§ **WORK INSTRUCTION**:
Go through the data and copy every line exactly, but not the images.

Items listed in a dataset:
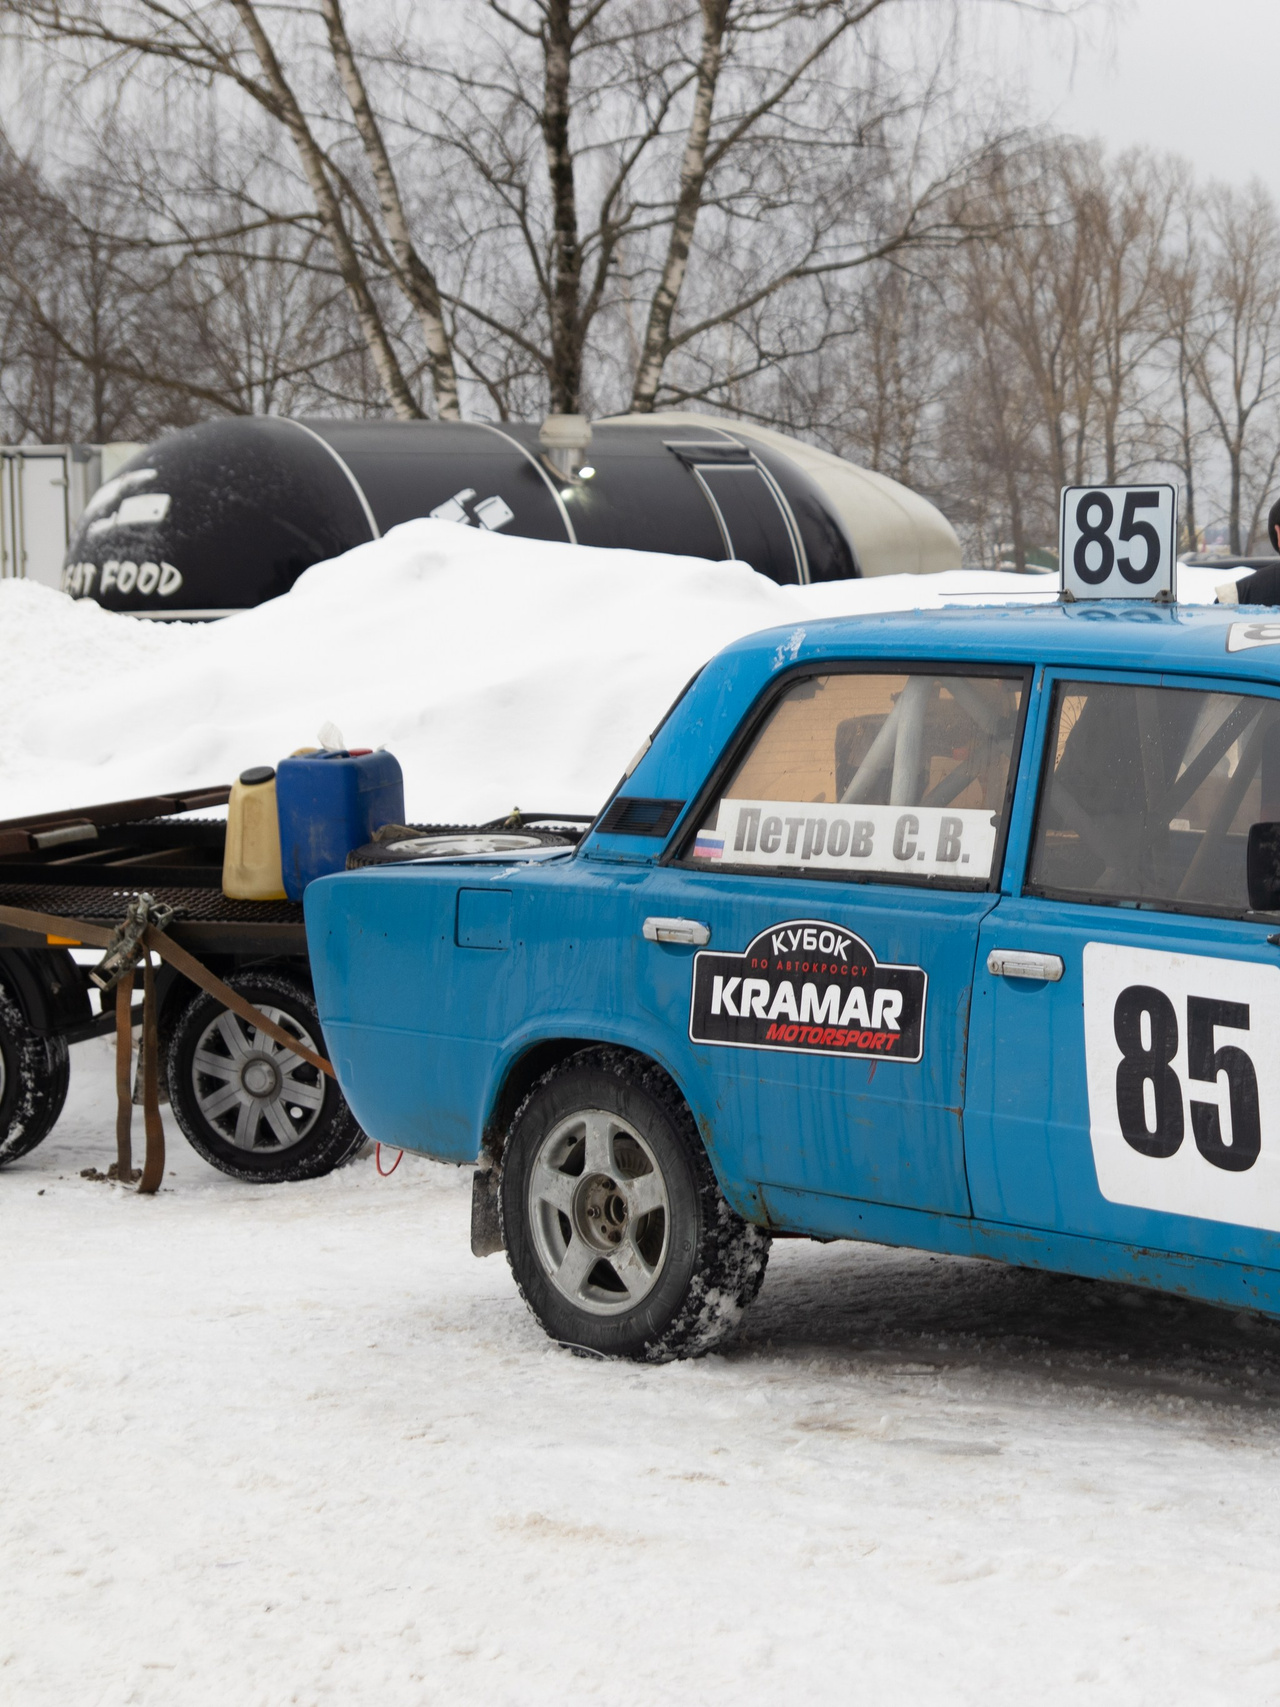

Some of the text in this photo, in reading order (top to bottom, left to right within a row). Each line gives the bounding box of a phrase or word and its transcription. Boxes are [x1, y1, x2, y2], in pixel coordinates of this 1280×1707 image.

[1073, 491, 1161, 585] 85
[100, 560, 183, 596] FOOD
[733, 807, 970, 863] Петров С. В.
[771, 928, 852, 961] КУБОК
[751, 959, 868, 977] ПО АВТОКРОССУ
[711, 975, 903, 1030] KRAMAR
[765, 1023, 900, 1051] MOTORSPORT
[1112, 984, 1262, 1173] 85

§ **OUTPUT BELOW**:
Some of the text in this photo, in reading order (top to bottom, left to right within a row). Each line gives the bounding box of a phrase or word and its transcription. Boxes are [x1, y1, x2, y2], in pixel coordinates of this 1280×1707 image.

[1073, 491, 1161, 585] 85
[100, 560, 183, 596] FOOD
[733, 807, 970, 863] Петров С. В.
[771, 928, 852, 961] КУБОК
[751, 959, 868, 977] ПО АВТОКРОССУ
[711, 975, 903, 1030] KRAMAR
[765, 1023, 900, 1051] MOTORSPORT
[1112, 984, 1262, 1173] 85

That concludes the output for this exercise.